- [Your goal]: Leave out the pictures, and quote exactly the lines running from the one with "this 2048×1365 image." through the last line of the entries below.

- [Provided records]:
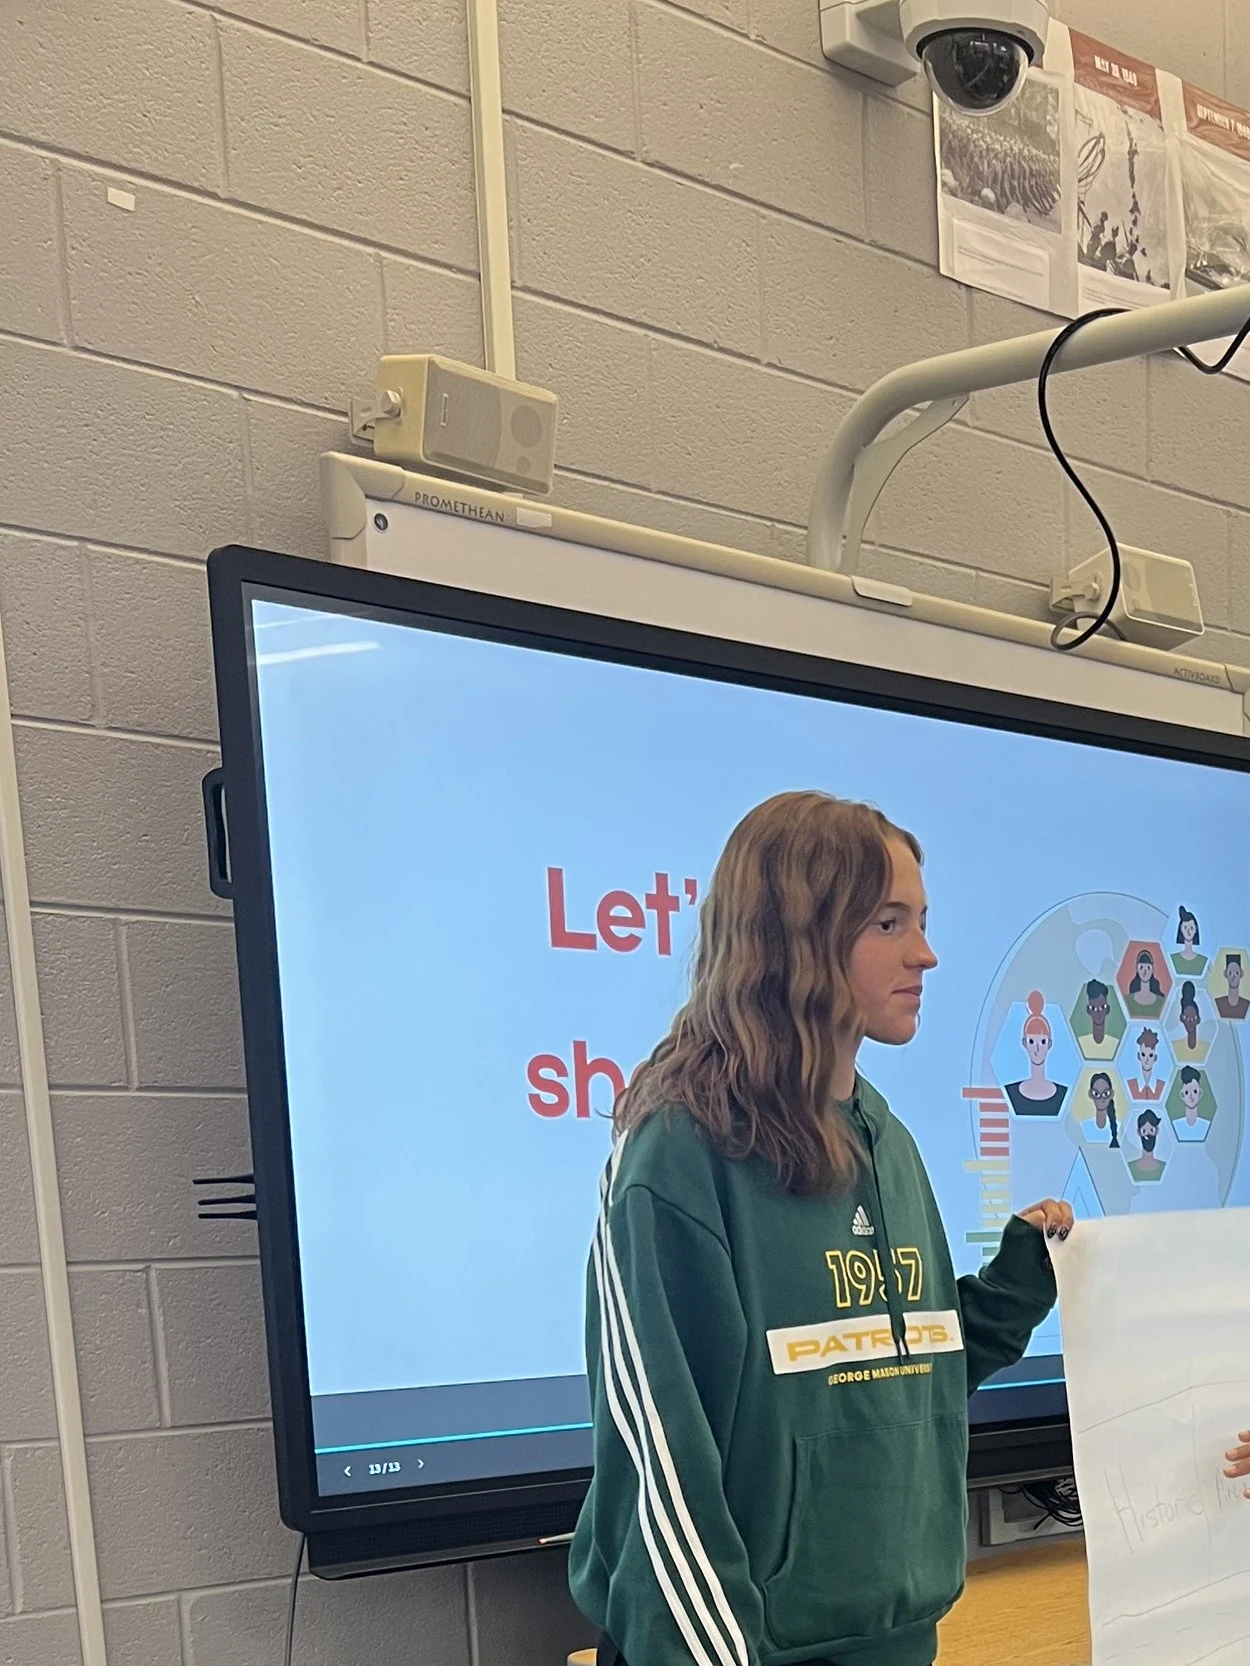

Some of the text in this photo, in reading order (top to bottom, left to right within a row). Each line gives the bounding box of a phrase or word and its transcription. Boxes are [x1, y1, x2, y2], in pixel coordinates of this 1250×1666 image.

[414, 492, 505, 521] PROMETHEAN
[546, 866, 699, 957] Let'
[526, 1039, 634, 1119] sh
[786, 1324, 948, 1363] PATROTS
[828, 1369, 871, 1386] GEORGE
[871, 1365, 899, 1380] MASON
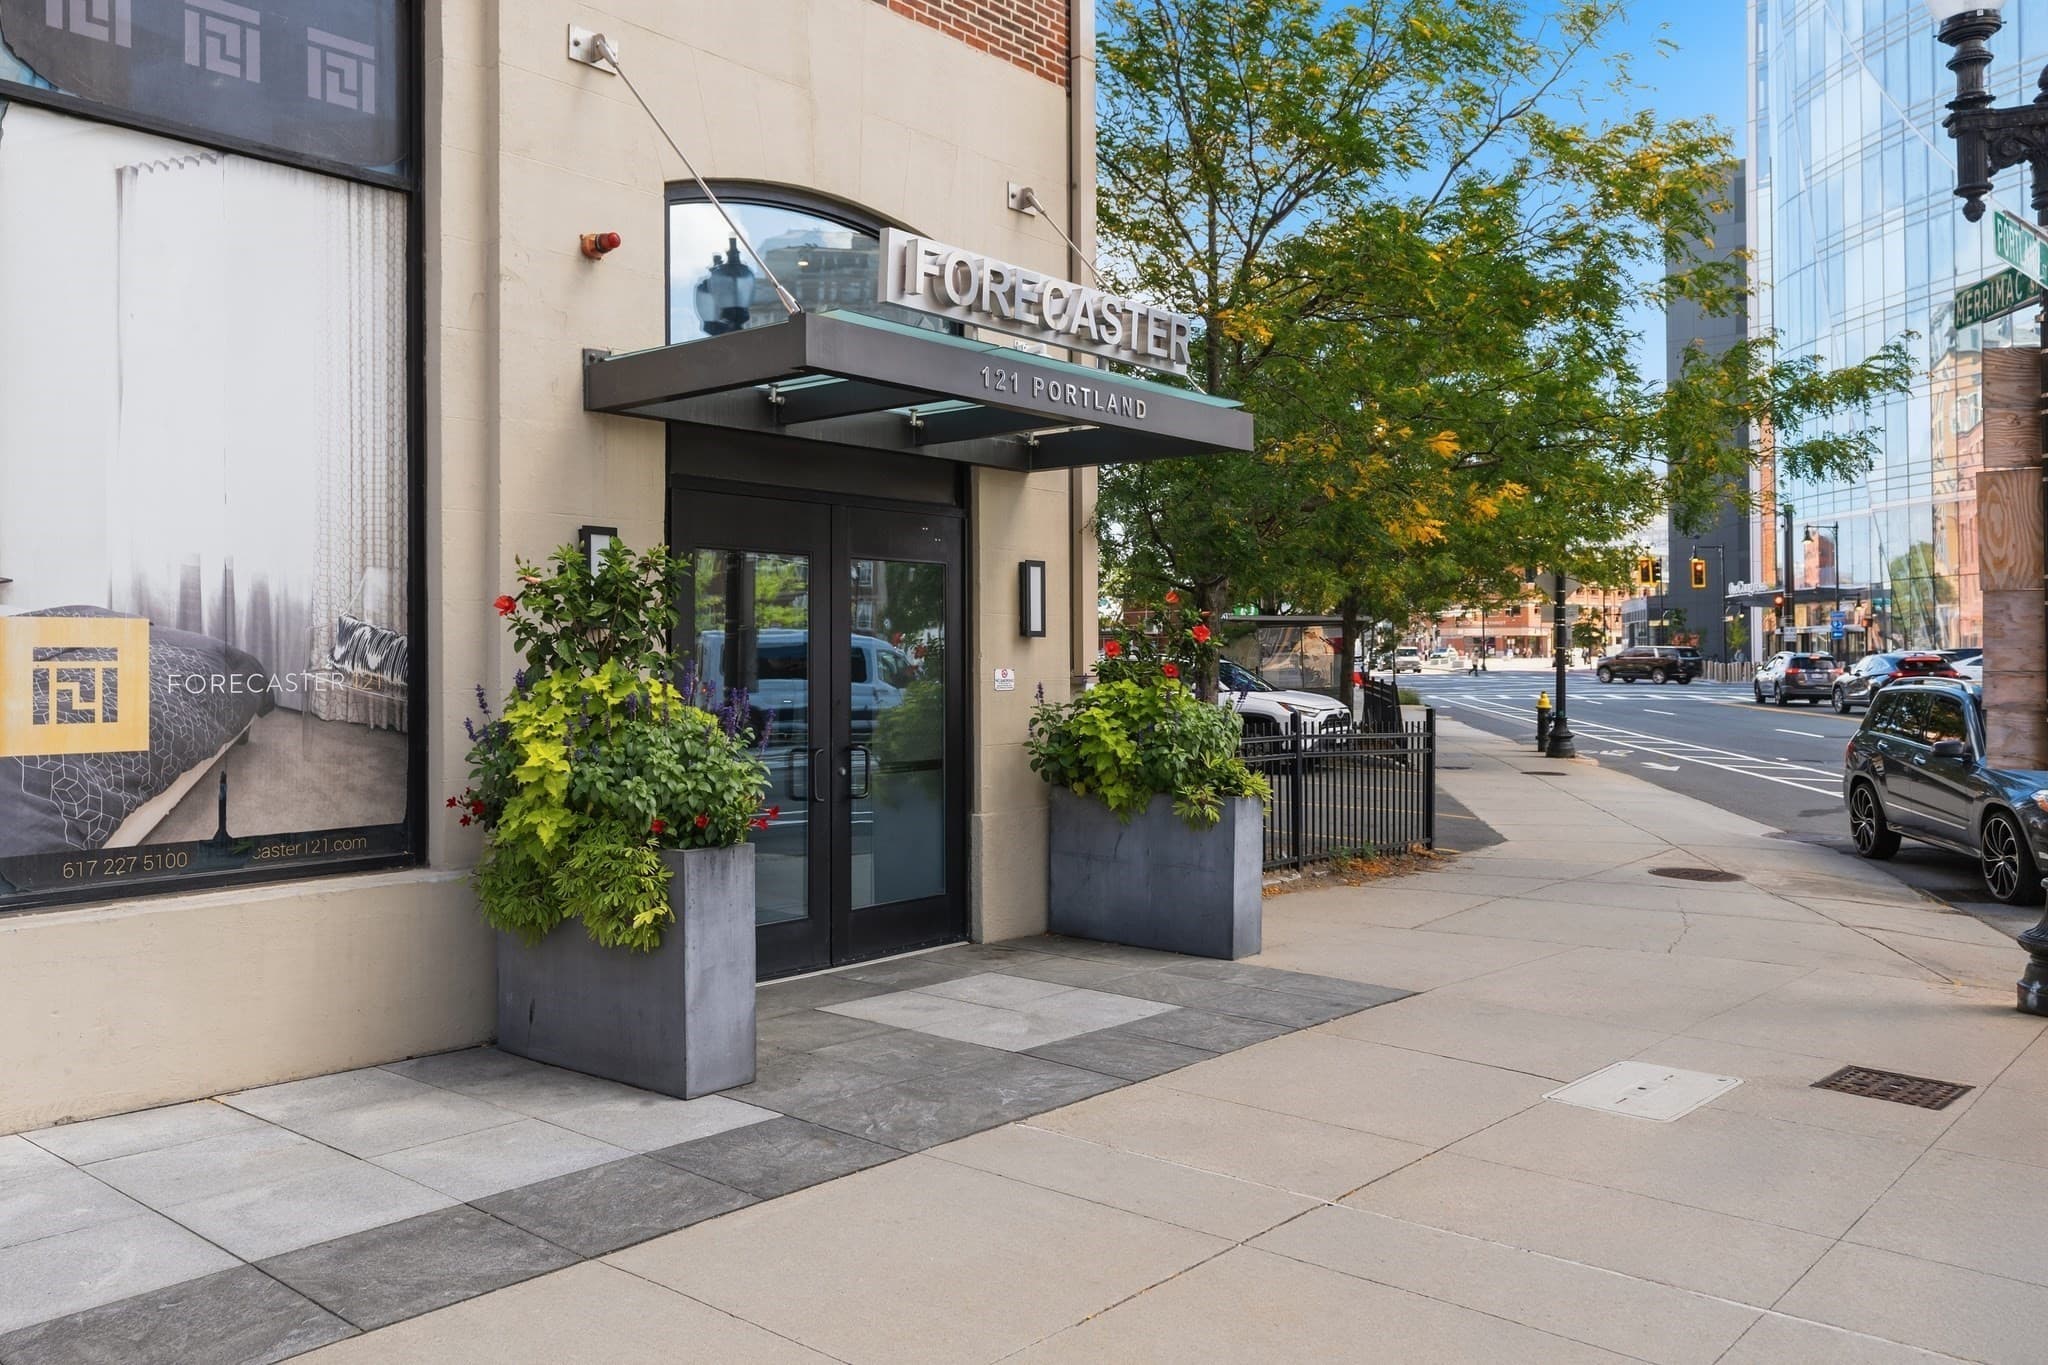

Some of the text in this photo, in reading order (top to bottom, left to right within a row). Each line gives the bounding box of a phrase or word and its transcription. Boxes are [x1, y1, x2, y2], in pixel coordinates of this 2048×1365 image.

[904, 238, 1192, 365] FORECASTER
[1956, 272, 2022, 326] MERRIMAC
[981, 366, 1147, 419] 121 PORTLAND
[168, 672, 383, 694] FORECASTER 121
[63, 852, 188, 879] 617 227 5100
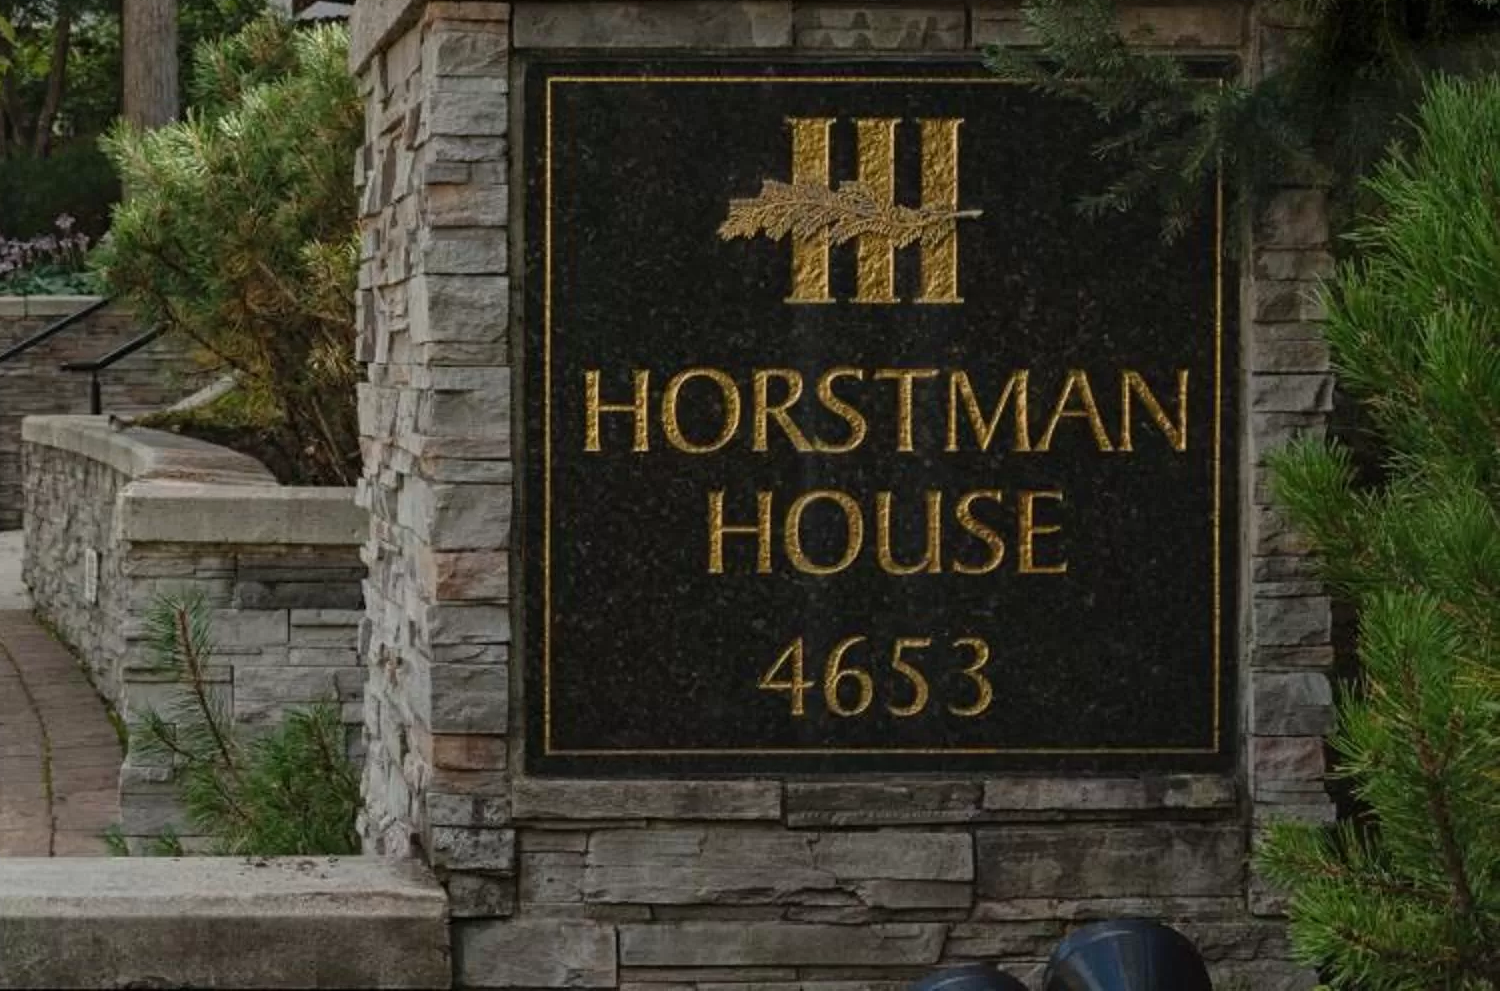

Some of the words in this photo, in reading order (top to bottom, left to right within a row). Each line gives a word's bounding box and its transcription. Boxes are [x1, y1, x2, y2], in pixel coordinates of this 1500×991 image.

[583, 369, 1190, 452] HORSTMAN
[707, 490, 1069, 575] HOUSE
[757, 637, 994, 716] 4653
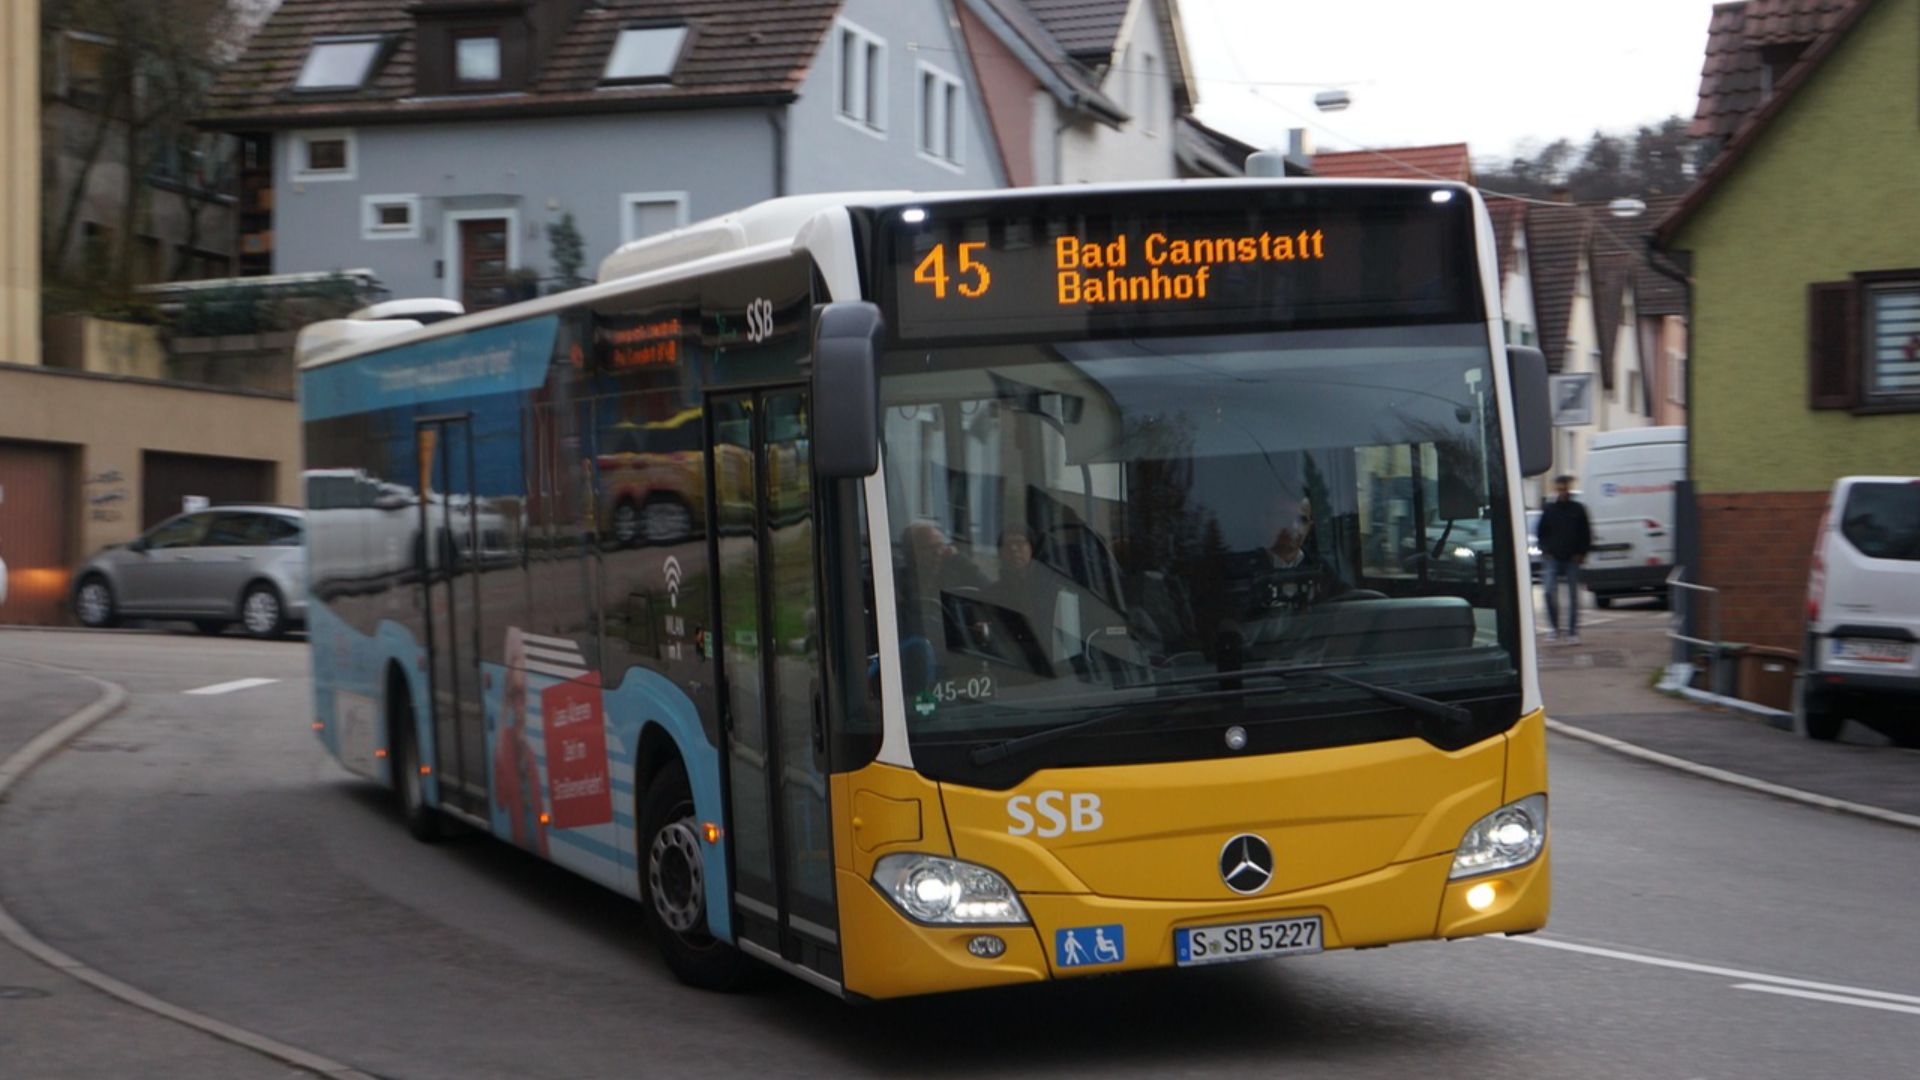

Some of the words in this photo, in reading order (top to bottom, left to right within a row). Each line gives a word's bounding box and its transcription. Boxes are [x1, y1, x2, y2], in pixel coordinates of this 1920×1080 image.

- [Answer to the problem]:
Some of the text in this photo, in reading order (top to bottom, left to right within a row). Each line gives the bounding box of a phrase or word and its transcription. Boxes are [x1, y1, x2, y2], in pixel coordinates of this 2048×1365 image.

[904, 238, 1192, 365] FORECASTER
[1956, 272, 2022, 326] MERRIMAC
[981, 366, 1147, 419] 121 PORTLAND
[168, 672, 383, 694] FORECASTER 121
[63, 852, 188, 879] 617 227 5100

Some of the words in this photo, in reading order (top to bottom, left to right within a row). Each line gives a word's bounding box and its transcription. Boxes are [x1, y1, x2, y2], in pixel coordinates of this 1500×991 image.

[583, 369, 1190, 452] HORSTMAN
[707, 490, 1069, 575] HOUSE
[757, 637, 994, 716] 4653

Some of the words in this photo, in reading order (top to bottom, left to right within a row). Each line gives a word's bounding box and its transcription. Boxes are [x1, y1, x2, y2], in pixel coordinates of this 1920×1080 image.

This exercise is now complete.